▸ **Prompt**:
Reproduce the records below exactly, leaving out any pictures.

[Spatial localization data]
-------------------------
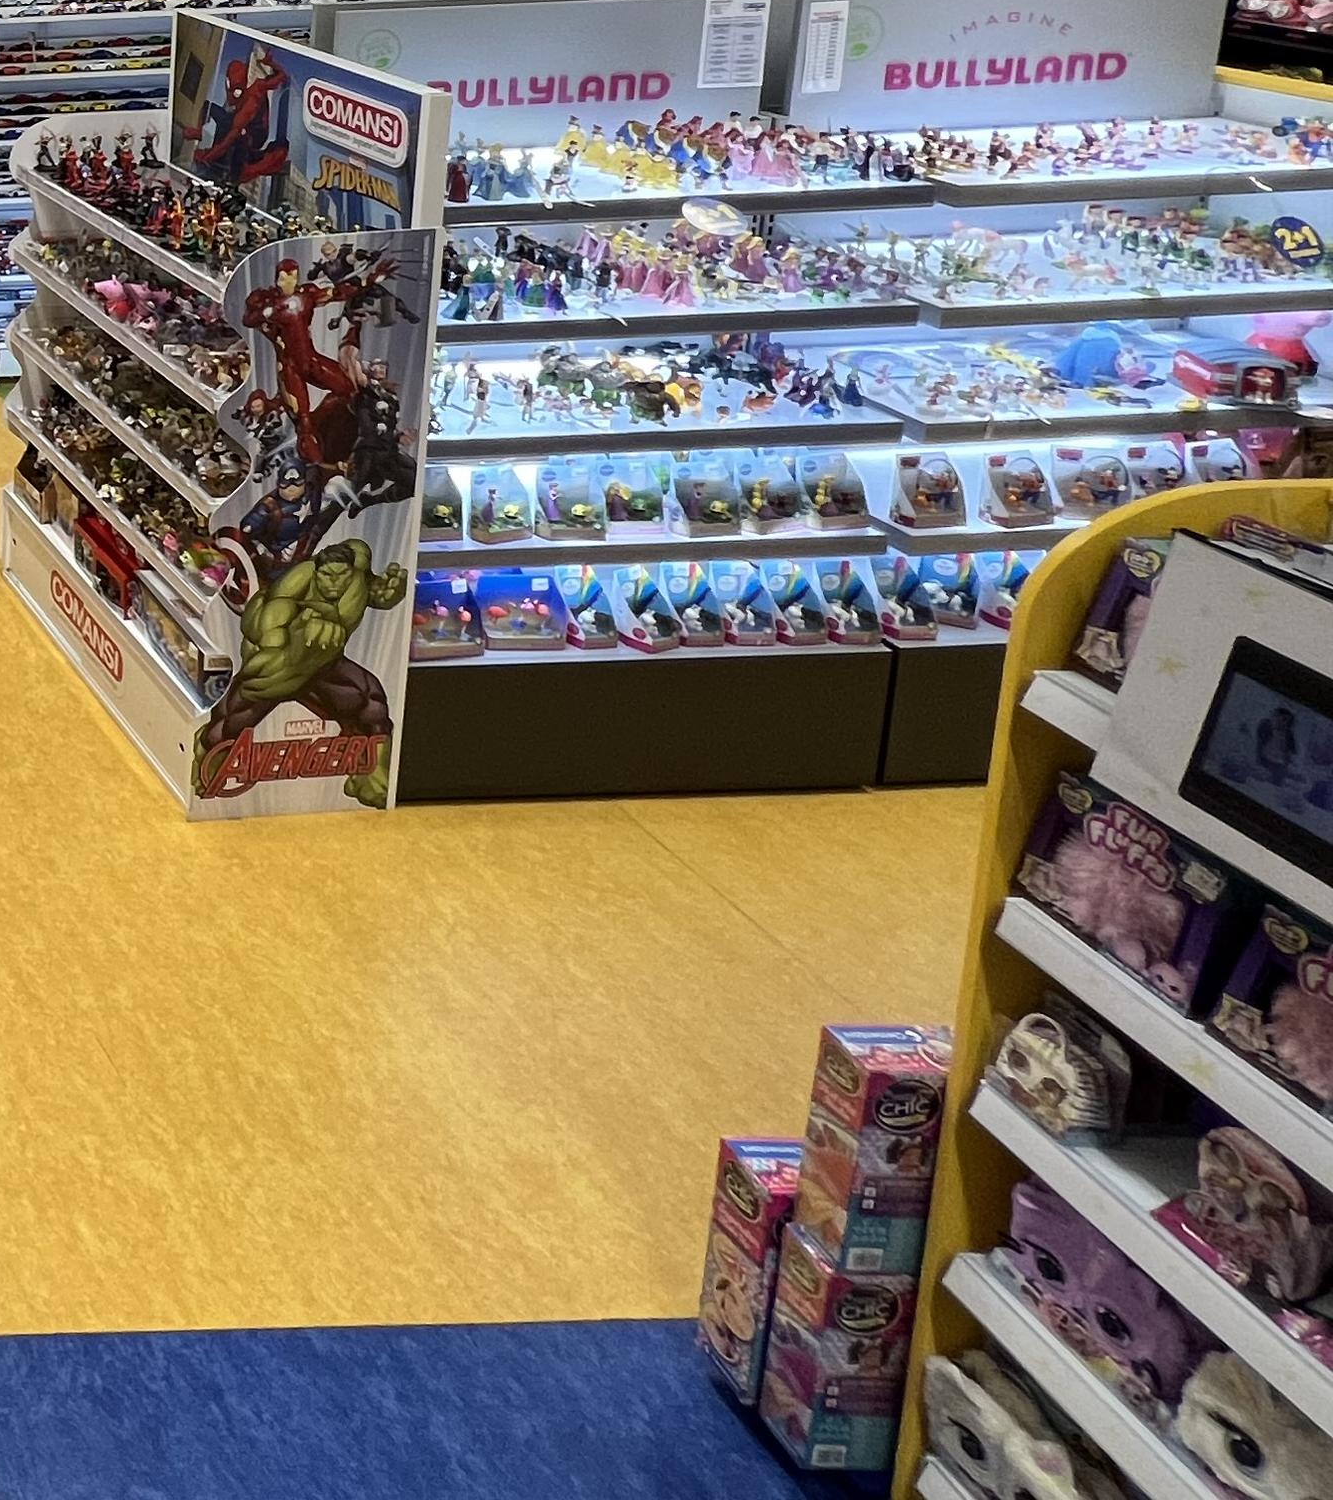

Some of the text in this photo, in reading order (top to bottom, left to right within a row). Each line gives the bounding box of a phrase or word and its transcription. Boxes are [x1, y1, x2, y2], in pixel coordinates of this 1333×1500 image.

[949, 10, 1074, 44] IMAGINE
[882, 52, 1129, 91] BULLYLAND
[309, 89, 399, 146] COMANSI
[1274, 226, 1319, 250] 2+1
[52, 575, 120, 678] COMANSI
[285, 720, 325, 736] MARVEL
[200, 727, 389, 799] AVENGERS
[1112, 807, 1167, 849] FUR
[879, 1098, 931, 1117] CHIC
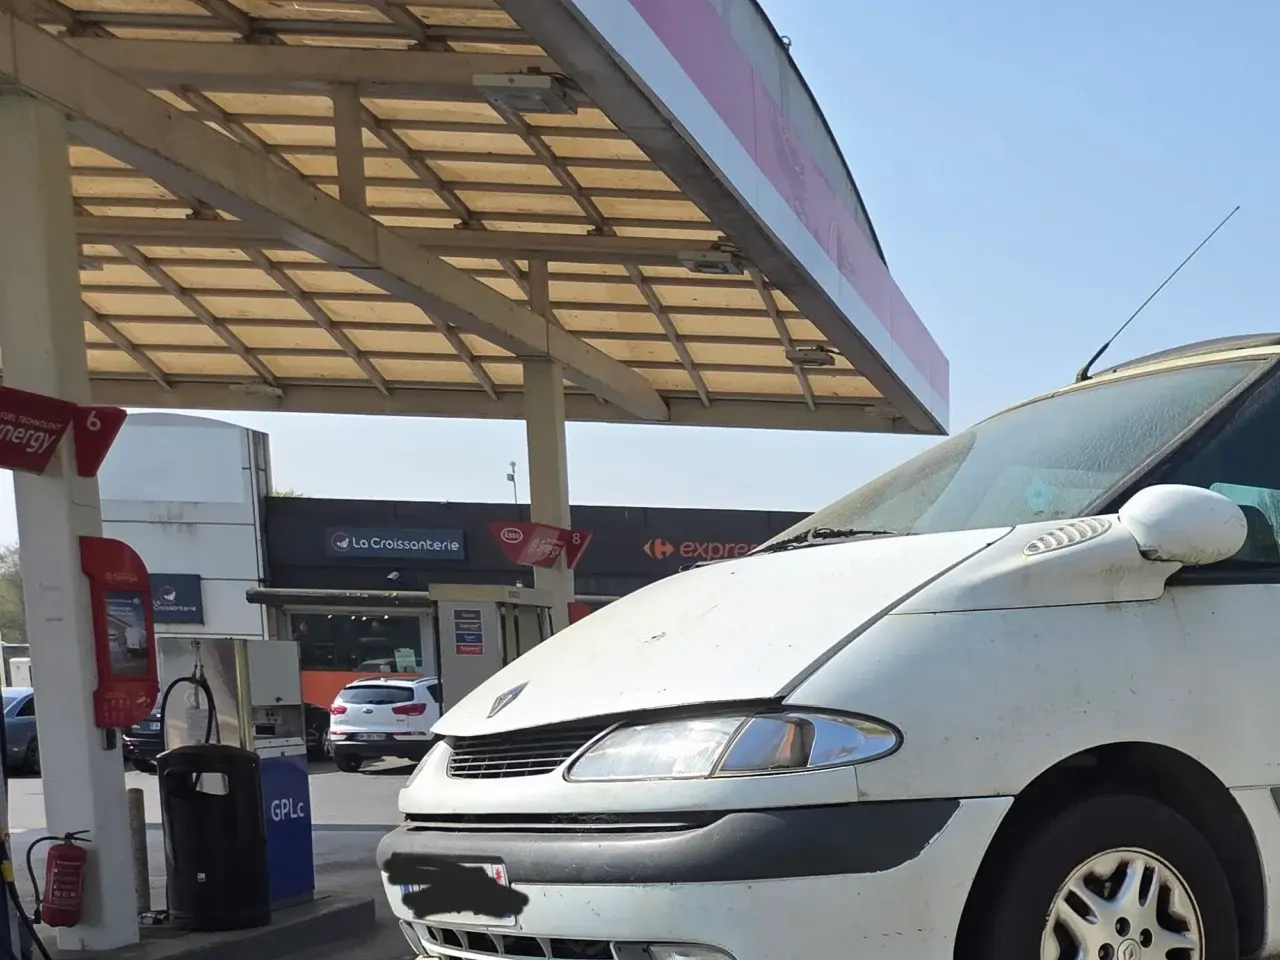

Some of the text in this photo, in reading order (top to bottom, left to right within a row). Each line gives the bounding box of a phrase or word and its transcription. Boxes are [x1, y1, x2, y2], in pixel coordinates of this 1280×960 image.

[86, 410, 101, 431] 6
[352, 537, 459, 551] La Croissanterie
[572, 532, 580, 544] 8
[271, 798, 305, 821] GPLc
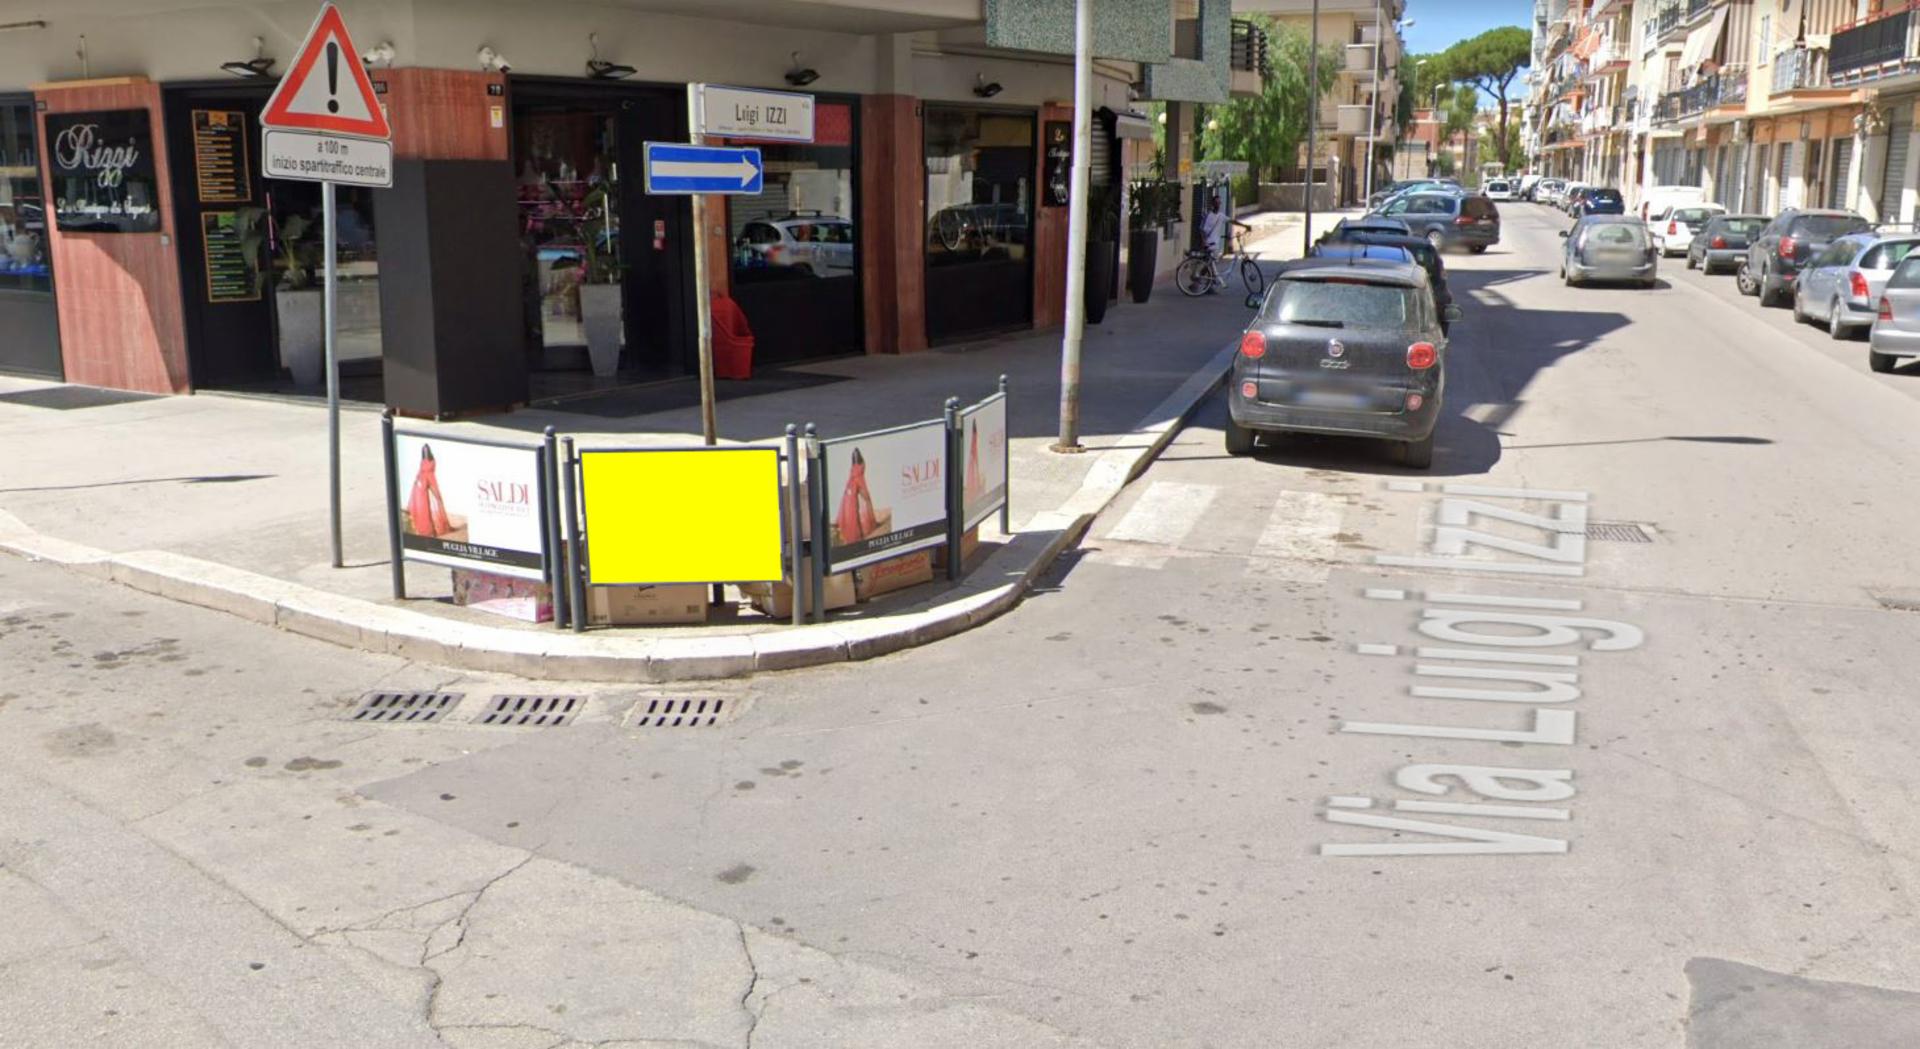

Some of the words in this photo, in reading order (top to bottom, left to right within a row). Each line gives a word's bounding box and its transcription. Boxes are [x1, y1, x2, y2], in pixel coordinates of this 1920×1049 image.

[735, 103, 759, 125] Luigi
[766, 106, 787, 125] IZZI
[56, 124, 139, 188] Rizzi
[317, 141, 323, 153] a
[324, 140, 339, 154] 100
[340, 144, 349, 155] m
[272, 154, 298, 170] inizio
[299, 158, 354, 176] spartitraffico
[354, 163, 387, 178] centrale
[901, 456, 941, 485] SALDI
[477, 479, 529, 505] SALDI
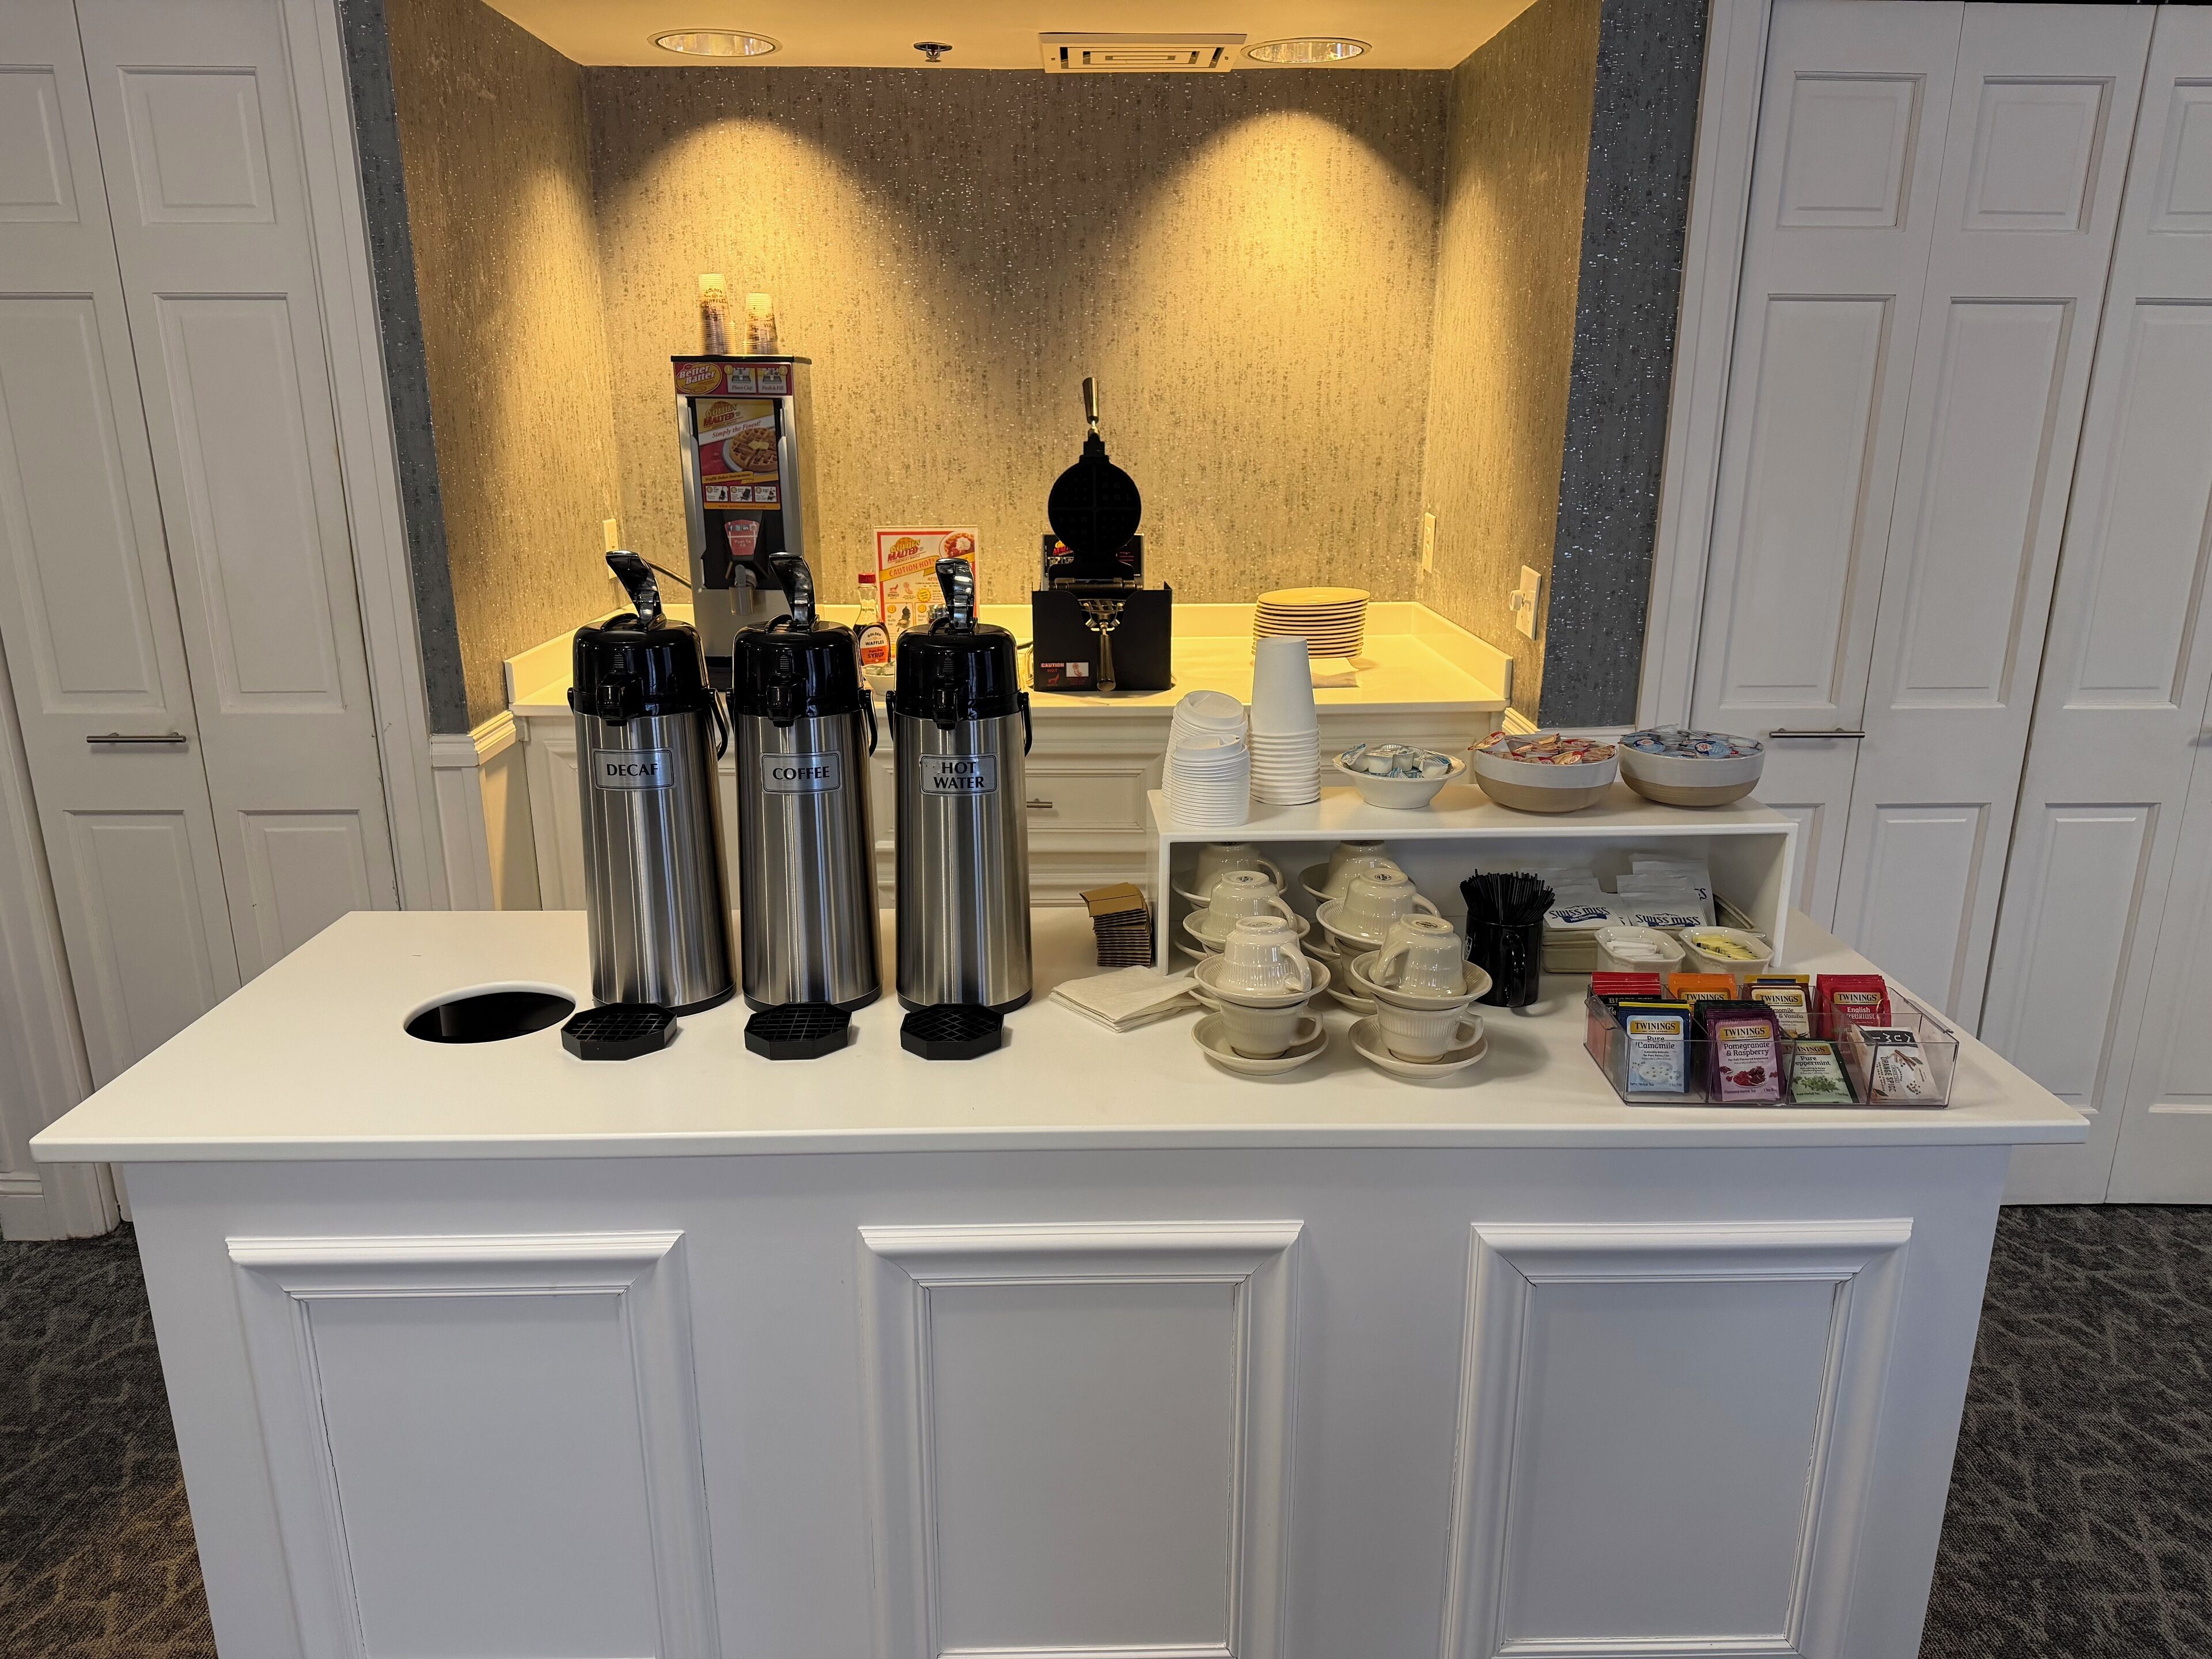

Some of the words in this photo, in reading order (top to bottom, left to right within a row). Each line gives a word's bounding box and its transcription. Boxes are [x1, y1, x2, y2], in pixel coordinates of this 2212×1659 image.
-------------------------
▸ **Task solution**:
Some of the text in this photo, in reading order (top to bottom, left to right within a row). Each line gives the bounding box of a phrase or word and its transcription. Boxes are [x1, y1, x2, y2], in pixel coordinates of this 1333×1500 image.

[949, 10, 1074, 44] IMAGINE
[882, 52, 1129, 91] BULLYLAND
[309, 89, 399, 146] COMANSI
[1274, 226, 1319, 250] 2+1
[52, 575, 120, 678] COMANSI
[285, 720, 325, 736] MARVEL
[200, 727, 389, 799] AVENGERS
[1112, 807, 1167, 849] FUR
[879, 1098, 931, 1117] CHIC

Some of the text in this photo, in reading order (top to bottom, left to right within a row). Each line gives the bounding box of a phrase or word and its transcription. Boxes are [x1, y1, x2, y2], in pixel coordinates of this 1280×960 image.

[86, 410, 101, 431] 6
[352, 537, 459, 551] La Croissanterie
[572, 532, 580, 544] 8
[271, 798, 305, 821] GPLc

Some of the words in this photo, in reading order (top to bottom, left to right within a row). Each line gives a word's bounding box and its transcription. Boxes are [x1, y1, x2, y2], in pixel coordinates of this 1920×1049 image.

[735, 103, 759, 125] Luigi
[766, 106, 787, 125] IZZI
[56, 124, 139, 188] Rizzi
[317, 141, 323, 153] a
[324, 140, 339, 154] 100
[340, 144, 349, 155] m
[272, 154, 298, 170] inizio
[299, 158, 354, 176] spartitraffico
[354, 163, 387, 178] centrale
[901, 456, 941, 485] SALDI
[477, 479, 529, 505] SALDI

Some of the words in this photo, in reading order (top to bottom, left to right within a row). Each line gives a word's bounding box and its transcription. Boxes are [x1, y1, x2, y2], in pixel coordinates of this 2212×1659 image.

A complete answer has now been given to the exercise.